- Born: May 8, 1840 Augusta, Maine, USA
- Died: August 10, 1923 Oakland, California, USA
- Known for: catalogue of USA Pacific Coast fungi; vice-president California Academy of Sciences
- Spouse: Charlotte D. Moore
- Scientific career
- Fields: mycology; librarianship

= Justin P. Moore =

American mycologist

Justin Payson Moore (1840–1923) was a natural historian, particularly interested in mycology. He became vice-president of the California Academy of Sciences from 1880 - 1883.

==Career==
Moore was elected a member of the California Academy of Sciences in 1875 and was the vice-president in 1880–1883 and again in 1886, although he resigned in October 1886.

Moore had broad interests in natural history but his major focus was fungi. He became the academy's curator of botany in 1882 and 1883. He co-authored the important early work Catalogue of the Pacific Coast Fungi with H. W. Harkness in 1880 (published by the California Academy of Sciences).

After 1886 he was not active in the academy but he donated books and money for rebuilding the academy after the 1906 earthquake and fire in San Francisco.

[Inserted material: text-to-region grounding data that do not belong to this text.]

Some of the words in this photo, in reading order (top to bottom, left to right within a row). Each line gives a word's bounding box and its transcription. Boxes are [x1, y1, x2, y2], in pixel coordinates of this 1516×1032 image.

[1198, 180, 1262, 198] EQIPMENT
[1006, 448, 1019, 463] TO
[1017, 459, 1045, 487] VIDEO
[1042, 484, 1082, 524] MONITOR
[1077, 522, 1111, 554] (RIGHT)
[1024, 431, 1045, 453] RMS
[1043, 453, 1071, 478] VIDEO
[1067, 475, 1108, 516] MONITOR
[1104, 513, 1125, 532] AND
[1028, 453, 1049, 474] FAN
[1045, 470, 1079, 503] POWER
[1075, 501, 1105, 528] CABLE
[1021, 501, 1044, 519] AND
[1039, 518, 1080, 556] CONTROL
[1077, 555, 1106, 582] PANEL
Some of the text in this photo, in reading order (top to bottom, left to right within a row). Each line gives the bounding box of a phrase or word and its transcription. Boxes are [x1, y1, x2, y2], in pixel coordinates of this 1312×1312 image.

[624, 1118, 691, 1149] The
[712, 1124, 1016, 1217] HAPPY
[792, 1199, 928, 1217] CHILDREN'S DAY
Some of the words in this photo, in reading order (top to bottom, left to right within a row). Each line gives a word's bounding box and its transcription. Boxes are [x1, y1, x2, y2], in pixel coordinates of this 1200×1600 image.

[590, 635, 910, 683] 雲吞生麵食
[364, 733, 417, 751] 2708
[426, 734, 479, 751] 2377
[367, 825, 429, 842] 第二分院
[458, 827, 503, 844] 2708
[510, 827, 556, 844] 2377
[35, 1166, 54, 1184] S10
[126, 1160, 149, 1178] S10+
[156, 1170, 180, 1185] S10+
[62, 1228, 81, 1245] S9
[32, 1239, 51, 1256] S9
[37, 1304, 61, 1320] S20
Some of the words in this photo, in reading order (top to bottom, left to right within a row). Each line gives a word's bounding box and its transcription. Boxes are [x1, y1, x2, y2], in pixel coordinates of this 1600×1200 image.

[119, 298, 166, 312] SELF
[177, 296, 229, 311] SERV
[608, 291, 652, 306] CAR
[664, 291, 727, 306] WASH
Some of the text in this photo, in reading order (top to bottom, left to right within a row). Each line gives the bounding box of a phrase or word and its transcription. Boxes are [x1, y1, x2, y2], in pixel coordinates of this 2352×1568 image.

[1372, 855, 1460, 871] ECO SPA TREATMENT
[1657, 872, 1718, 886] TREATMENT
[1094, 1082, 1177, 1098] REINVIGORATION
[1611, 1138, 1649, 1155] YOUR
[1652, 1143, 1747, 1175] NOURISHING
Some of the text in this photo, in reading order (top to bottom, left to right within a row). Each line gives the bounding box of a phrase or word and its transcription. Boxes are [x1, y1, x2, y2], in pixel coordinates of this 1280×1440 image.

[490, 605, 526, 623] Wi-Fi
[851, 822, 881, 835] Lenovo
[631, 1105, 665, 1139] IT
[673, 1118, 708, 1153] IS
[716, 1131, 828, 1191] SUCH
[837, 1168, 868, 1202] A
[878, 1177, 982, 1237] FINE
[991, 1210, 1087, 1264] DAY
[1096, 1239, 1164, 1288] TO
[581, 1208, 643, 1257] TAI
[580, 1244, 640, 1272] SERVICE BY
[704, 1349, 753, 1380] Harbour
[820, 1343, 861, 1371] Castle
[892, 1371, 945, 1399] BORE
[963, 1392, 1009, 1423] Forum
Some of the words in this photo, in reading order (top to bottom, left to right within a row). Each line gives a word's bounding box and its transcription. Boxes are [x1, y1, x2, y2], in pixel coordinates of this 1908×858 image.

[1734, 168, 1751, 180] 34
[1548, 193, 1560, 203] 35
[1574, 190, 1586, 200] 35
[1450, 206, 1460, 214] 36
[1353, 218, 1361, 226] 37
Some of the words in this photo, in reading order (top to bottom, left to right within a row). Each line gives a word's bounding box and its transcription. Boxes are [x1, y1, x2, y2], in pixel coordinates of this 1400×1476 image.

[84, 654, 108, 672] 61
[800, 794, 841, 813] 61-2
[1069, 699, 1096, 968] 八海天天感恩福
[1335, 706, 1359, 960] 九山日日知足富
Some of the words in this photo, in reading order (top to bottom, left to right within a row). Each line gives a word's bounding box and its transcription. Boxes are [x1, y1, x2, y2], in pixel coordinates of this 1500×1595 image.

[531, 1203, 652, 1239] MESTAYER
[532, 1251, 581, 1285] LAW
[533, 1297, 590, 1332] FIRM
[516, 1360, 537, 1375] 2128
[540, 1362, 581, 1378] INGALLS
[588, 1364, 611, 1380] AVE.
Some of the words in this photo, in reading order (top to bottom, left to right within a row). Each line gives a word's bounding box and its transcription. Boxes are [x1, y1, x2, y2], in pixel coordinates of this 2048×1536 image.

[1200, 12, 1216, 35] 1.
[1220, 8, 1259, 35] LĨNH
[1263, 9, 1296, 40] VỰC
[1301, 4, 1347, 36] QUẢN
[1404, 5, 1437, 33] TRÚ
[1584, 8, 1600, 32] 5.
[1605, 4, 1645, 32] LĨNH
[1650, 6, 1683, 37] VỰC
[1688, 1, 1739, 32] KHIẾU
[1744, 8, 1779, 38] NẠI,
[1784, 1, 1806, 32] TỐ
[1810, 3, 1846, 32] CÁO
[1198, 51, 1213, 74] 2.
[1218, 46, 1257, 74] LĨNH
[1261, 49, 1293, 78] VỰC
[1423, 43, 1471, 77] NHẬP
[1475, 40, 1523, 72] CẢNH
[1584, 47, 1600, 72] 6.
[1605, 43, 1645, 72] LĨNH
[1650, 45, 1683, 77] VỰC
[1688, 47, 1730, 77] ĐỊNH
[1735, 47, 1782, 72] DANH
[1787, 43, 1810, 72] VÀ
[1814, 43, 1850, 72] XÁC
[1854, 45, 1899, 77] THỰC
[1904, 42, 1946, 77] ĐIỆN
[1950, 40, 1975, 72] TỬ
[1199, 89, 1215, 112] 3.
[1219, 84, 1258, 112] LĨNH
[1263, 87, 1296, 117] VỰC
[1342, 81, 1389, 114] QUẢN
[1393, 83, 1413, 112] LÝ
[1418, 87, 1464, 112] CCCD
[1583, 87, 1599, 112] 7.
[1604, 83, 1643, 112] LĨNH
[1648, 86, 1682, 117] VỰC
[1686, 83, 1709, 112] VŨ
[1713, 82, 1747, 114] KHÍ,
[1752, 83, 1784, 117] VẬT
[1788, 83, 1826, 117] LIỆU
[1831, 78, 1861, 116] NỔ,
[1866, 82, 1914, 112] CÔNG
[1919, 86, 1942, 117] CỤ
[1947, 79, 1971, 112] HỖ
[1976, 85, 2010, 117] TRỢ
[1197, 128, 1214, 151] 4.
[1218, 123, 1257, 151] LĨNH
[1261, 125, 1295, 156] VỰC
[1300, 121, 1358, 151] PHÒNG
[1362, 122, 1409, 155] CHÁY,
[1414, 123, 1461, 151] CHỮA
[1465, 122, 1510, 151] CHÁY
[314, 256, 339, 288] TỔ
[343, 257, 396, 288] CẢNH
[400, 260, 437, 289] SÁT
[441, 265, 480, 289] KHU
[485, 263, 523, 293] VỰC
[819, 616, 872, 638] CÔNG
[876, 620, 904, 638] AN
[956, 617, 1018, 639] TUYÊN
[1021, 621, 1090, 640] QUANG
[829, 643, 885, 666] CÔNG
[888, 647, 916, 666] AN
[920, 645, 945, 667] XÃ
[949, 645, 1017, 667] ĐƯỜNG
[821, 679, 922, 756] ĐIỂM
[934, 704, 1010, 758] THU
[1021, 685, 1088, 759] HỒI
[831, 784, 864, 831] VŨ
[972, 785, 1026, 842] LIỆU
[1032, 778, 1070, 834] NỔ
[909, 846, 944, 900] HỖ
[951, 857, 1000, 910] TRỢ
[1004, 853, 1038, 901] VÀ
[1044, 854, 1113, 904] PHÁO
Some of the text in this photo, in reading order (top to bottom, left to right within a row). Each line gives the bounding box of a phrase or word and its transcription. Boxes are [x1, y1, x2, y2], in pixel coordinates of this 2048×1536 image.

Moore resigned from the academy in 1889 and for 20 years from the late 1890s was librarian and assistant secretary of the Fire Underwriters Association of the Pacific.

==Personal life==
Justin Payson Moore was born in Augusta, Maine on 8 May, probably in 1840. He was probably trained as a minister and sent to Benicia in California in October 1865 by the Congregational Home Missionary Society. Moore was married and his wife, Charlotte D. Moore, outlived him.